This example shows how to use BigDL train a model on Standford Treebank dataset dataset using binary TreeLSTM and Glove word embedding vectors. Tree-LSTM is a kind of recursive neural networks, which describes in the paper Improved Semantic Representations From Tree-Structured Long Short-Term Memory Networks by Kai Sheng Tai, Richard Socher, and Christopher Manning.
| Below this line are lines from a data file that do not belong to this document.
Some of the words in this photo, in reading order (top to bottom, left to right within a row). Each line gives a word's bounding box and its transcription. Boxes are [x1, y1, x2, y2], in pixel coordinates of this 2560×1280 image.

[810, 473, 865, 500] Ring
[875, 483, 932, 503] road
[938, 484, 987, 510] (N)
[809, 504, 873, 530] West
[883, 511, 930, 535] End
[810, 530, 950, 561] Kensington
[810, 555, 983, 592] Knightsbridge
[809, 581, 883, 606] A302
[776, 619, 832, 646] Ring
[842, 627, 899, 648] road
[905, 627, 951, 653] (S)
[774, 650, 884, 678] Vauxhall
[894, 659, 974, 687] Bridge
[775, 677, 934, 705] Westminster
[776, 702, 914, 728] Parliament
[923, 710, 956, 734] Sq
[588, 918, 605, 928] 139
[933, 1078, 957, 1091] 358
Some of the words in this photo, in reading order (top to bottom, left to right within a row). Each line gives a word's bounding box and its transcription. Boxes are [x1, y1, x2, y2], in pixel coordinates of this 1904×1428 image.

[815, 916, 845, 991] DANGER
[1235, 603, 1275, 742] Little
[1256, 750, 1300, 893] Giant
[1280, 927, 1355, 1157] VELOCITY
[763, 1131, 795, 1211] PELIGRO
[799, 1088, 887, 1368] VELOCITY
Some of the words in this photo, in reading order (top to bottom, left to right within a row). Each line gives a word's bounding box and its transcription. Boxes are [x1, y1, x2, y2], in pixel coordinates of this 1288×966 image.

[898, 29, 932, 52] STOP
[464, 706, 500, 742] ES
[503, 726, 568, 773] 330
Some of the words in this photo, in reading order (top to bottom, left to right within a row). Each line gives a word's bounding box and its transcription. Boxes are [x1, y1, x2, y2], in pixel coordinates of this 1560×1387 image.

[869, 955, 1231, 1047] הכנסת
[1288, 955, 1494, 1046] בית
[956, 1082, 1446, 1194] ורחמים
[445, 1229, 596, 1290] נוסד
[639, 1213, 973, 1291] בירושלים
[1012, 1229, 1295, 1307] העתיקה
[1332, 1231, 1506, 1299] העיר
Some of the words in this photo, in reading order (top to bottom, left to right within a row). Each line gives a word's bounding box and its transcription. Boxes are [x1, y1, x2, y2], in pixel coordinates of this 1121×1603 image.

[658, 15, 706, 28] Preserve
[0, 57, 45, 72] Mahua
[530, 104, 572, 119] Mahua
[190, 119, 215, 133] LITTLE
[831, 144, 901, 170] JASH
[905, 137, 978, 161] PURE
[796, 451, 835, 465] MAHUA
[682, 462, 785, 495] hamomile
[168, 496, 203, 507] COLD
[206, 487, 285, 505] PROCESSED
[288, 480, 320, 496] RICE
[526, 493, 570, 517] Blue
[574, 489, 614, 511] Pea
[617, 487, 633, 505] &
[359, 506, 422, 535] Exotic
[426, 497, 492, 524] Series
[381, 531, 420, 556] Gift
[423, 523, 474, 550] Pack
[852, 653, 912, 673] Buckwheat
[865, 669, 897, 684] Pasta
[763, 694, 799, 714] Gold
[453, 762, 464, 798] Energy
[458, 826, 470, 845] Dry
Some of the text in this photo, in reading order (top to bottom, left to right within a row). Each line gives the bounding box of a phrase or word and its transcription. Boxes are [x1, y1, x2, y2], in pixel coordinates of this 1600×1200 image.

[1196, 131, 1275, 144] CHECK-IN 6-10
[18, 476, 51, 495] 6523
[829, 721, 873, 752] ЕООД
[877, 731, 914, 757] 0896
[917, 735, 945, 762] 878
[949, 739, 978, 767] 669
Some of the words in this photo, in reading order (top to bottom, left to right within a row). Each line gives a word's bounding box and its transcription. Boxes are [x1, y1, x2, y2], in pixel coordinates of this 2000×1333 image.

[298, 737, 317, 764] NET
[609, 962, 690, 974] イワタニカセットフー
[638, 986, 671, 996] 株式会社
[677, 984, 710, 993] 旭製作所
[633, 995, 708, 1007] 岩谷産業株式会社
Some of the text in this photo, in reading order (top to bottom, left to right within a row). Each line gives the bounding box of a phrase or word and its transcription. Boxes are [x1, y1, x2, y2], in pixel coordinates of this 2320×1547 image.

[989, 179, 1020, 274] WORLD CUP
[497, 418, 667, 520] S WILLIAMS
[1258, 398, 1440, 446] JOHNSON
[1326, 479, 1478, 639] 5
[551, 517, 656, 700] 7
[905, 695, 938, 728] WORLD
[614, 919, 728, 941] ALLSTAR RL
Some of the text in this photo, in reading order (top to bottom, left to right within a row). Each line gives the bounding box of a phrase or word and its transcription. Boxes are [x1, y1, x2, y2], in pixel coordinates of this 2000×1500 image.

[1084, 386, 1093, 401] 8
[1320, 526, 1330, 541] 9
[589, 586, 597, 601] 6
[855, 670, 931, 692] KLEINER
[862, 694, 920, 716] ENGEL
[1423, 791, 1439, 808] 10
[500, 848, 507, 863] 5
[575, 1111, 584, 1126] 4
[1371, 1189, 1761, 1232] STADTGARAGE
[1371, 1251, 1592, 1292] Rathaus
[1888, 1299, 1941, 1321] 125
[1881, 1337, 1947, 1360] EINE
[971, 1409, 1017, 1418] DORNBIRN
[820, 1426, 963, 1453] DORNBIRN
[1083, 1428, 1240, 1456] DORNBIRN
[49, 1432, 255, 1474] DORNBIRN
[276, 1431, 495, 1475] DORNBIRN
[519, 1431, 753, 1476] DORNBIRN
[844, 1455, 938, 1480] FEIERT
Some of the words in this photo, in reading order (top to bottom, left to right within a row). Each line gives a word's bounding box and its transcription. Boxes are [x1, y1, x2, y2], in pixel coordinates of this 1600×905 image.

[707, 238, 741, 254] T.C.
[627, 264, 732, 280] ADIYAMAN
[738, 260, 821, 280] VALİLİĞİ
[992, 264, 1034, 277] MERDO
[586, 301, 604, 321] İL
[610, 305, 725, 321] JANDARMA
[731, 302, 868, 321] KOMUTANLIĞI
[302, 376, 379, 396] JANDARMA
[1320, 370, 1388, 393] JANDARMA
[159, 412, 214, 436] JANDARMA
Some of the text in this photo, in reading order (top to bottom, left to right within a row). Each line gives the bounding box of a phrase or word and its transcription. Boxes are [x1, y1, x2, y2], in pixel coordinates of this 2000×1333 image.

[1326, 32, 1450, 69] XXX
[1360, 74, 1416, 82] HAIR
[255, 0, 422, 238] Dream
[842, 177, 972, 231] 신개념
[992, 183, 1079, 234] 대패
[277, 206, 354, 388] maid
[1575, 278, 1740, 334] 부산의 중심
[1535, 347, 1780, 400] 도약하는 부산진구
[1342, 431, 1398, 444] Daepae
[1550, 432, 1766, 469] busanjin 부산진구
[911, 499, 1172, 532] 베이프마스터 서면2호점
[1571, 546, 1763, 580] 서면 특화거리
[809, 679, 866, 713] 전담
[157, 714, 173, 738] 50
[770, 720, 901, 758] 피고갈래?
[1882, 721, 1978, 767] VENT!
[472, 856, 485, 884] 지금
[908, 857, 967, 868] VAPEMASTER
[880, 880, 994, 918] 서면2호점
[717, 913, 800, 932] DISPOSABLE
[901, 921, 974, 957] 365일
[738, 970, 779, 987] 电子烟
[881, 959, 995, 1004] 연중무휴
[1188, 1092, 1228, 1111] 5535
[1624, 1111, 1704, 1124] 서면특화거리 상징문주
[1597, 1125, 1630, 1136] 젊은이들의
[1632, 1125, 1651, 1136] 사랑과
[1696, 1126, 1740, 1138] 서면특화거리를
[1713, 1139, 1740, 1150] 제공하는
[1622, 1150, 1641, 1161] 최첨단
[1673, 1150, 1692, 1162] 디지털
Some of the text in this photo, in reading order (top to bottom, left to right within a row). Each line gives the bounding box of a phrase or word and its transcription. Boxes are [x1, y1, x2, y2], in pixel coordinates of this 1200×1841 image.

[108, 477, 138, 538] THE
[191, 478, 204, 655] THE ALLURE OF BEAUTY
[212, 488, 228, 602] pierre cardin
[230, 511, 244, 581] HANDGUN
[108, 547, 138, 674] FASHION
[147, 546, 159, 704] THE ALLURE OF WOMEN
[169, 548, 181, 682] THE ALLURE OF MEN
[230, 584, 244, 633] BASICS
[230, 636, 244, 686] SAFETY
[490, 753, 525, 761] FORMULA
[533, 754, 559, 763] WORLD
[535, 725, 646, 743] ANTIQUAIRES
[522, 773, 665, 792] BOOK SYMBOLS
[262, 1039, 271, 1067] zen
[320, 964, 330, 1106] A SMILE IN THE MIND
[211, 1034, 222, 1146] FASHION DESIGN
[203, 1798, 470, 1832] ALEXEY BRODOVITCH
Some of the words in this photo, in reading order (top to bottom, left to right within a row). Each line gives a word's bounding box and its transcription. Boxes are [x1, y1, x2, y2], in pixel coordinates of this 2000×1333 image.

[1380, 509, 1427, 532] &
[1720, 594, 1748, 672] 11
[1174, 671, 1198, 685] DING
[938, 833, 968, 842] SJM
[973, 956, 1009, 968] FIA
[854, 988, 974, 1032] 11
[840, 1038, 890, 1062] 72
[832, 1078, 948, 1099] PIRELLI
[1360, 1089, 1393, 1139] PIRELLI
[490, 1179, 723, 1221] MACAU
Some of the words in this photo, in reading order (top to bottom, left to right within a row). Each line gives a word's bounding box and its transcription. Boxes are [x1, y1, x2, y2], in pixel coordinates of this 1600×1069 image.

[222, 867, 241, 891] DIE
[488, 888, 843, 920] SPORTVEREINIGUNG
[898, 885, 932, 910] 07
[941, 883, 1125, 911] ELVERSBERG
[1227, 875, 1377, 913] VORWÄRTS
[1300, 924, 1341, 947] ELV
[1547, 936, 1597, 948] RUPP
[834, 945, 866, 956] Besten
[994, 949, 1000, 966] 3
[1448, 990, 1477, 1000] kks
The dataset is a corpus of ~10K one-sentence movie reviews from Rotten Tomatoes. Each sentence has been parsed into constituency-based parse trees, which is kind of binary trees with a word at each leaf. After pre-processing, every node has been tagged a label whose range from -2 to 2, representing the sentiment of the word or phrase. The value from -2 to 2 corresponds to highly negative, moderately negative, neutral, moderately positive and highly positive respectively. The root of the tree represents the sentiment of the entire sentence.
First run the following script
python fetch_and_preprocess.py
The treebank dataset and the Glove word embedding vectors will be downloaded to
/tmp/.bigdl/dataset/
directory, after that the treebank will be split into three folders
corresponding to train, dev, and test in an appropriate format.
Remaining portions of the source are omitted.